When loging in as <<someuser>> and trying to access any of the controller actions it says Error 401 Permission denied.

What do I do with the accessControl and accessRules? Do I have to change that?

Now how do I move forward from here?

Well this might be kind of embarrassing since for many this might have been obvious but for the few others that could be struggling these are the steps I took to get it to work. Hope it helps someone.

These are the steps I followed to achieve the use of Auth with CPhpAuthManager.

  1. Create a table and model user with id,name,username,password,role.

  2. Add one user:

[indent]

name= Administrator

username = admin

password = admin

role = admin

[/indent]

  1. Create a basic auth.txt and auth.php file in protected/data (follow Wiki mentioned below)

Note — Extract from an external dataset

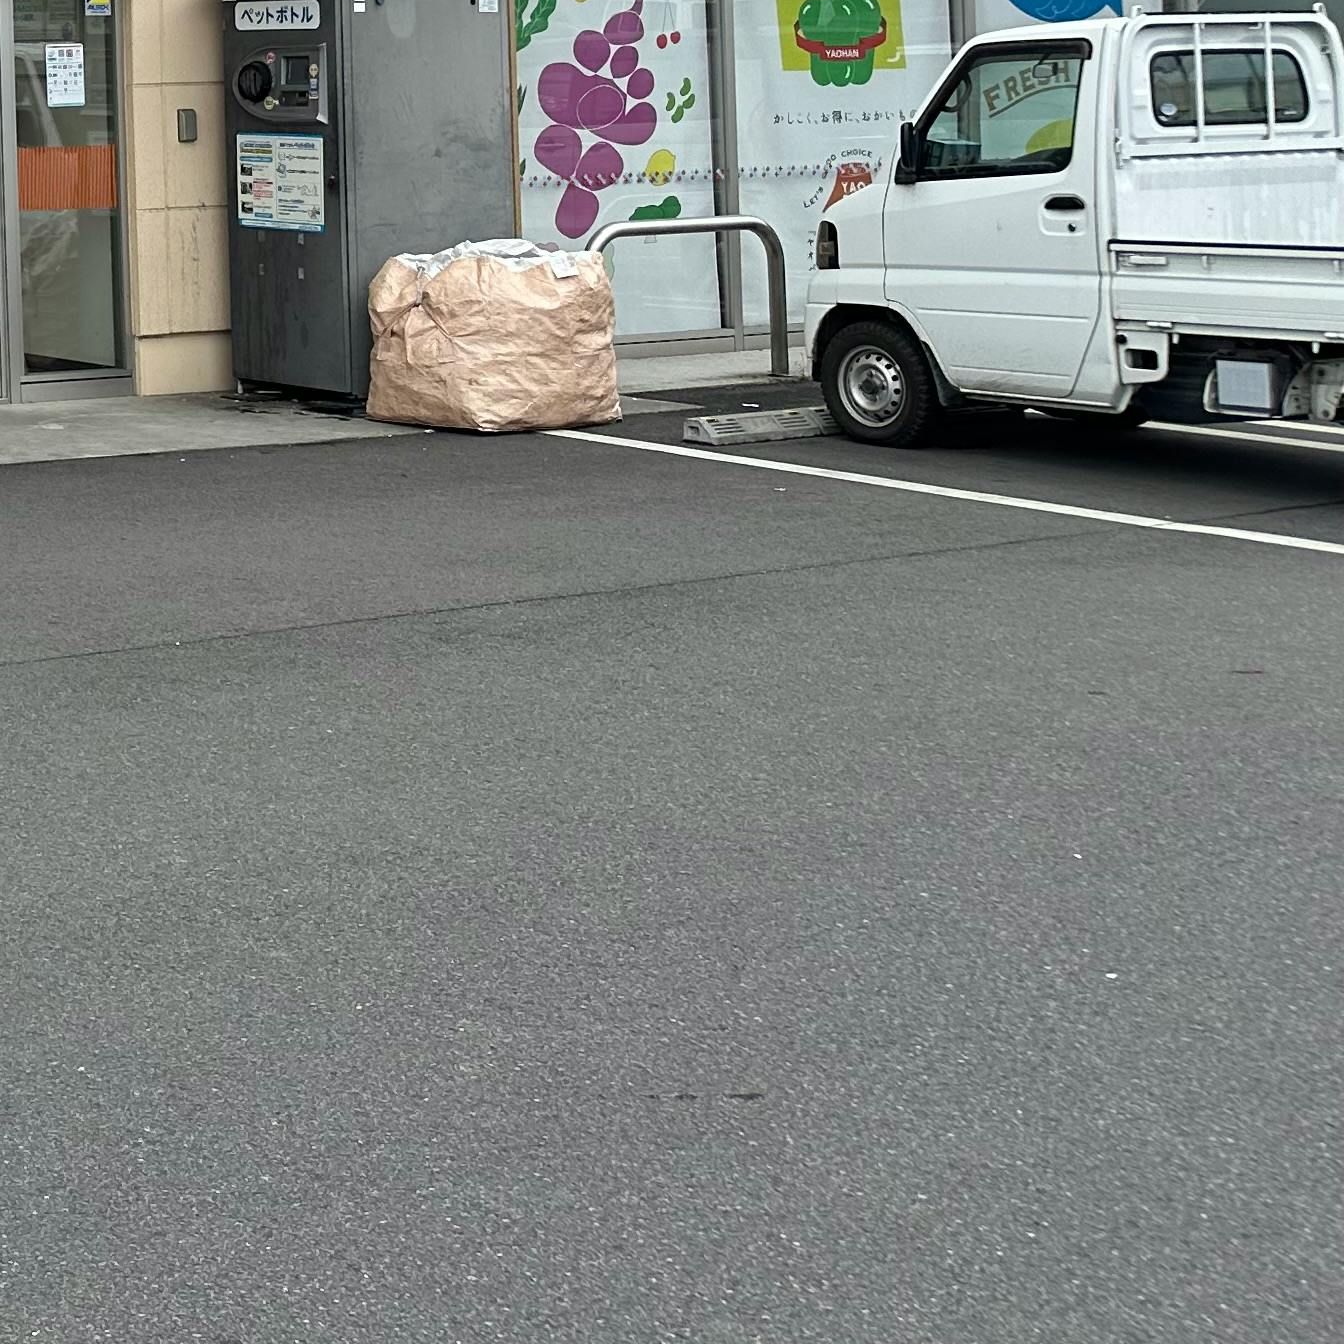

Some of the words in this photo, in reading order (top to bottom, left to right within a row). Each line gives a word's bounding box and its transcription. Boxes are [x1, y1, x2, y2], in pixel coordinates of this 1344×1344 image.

  2. Install Auth and Bootstrap

Configure the authManager component




'authManager' => array(

	'class'=>'CPhpAuthManager',

	'behaviors' => array(

		'auth' => array(

			'class' => 'auth.components.AuthBehavior',

			'admins'=>array('admin'), // users with full access

		),

	),

),



  1. Copy the Bootstrap theme into application themes and rename as bootstrap

  2. For theming only the Auth module had to configure Auth to use the theme layout located in themes/bootstrap/views/layouts/main.php

  3. Modify UserIdentity




private $_id=null;


public function getId()

{

	return $this->_id;

}	




In the authenticate() function:




$this->_id=$user->id;

$this->username=$user->username;




$auth=Yii::app()->authManager;

if(!is_null($user->role)){

    if(!$auth->isAssigned($user->role,$this->_id))

    {

        if($auth->assign($user->role,$this->_id))

        {

            Yii::app()->authManager->save();

        }

		

    }

}



  1. Modify Controllers:



public function filters()

{

	return array(

		//'accessControl',

		array('auth.filters.AuthFilter'),

		'postOnly + delete',

	);

}

	

public function accessRules()

{

        /* ..... */

}



  1. Login as admin

  2. navigate to r=auth

  3. Create some operations in the form controllerId.*

  4. Create tasks and add operations to them

  5. Create roles and add tasks or operations to them

  6. Assign roles to the users (the Auth module reads them from the Database).

  7. In a wiki (http://www.yiiframework.com/wiki/65/how-to-setup-rbac-with-a-php-file#hh4) read that you should revoke all assigned operations to the user upon logout, not sure if really needed.

yes i found this problem too.

i remove the if check (on line 36 of AuthAssignmentItemsColumn.php) and the problem seem to solve

Me too solved the porblem by editng widgets/AuthAssignmentItemsColumn.php

i used it with Yii user extension so i changed it like below





$userArr=Yii::app()->getModule('user')->getAdmins();

		if (in_array($data->username, $userArr)) 

			echo Yii::t('AuthModule.main', 'Administrator');

		else

		{



I use the following in config/main.php




return array(

  'modules' => array(

    'auth',

  ),

  'components' => array(

    'authManager' => array(

      .....

      'behaviors' => array(

        'auth' => array(

          'class' => 'auth.components.AuthBehavior',

          'admins'=>array('admin', 'foo', 'bar'), // users with full access

        ),

      ),

    ),

    'user' => array(

      'class' => 'auth.components.AuthWebUser',

    ),

  ),

);

I get error

If I comment line

‘admins’=>array(‘admin’, ‘foo’, ‘bar’), // users with full access

error goes off. Is this a bug?

You can remove specific actions from the access filtering like this:




public function filters()

{

    return array(

        array('auth.components.AuthFilter - guestAction1, guestAction2, ...'),

    );

}



Likewise you can specify which actions should be filtered by changing the minus sign to plus.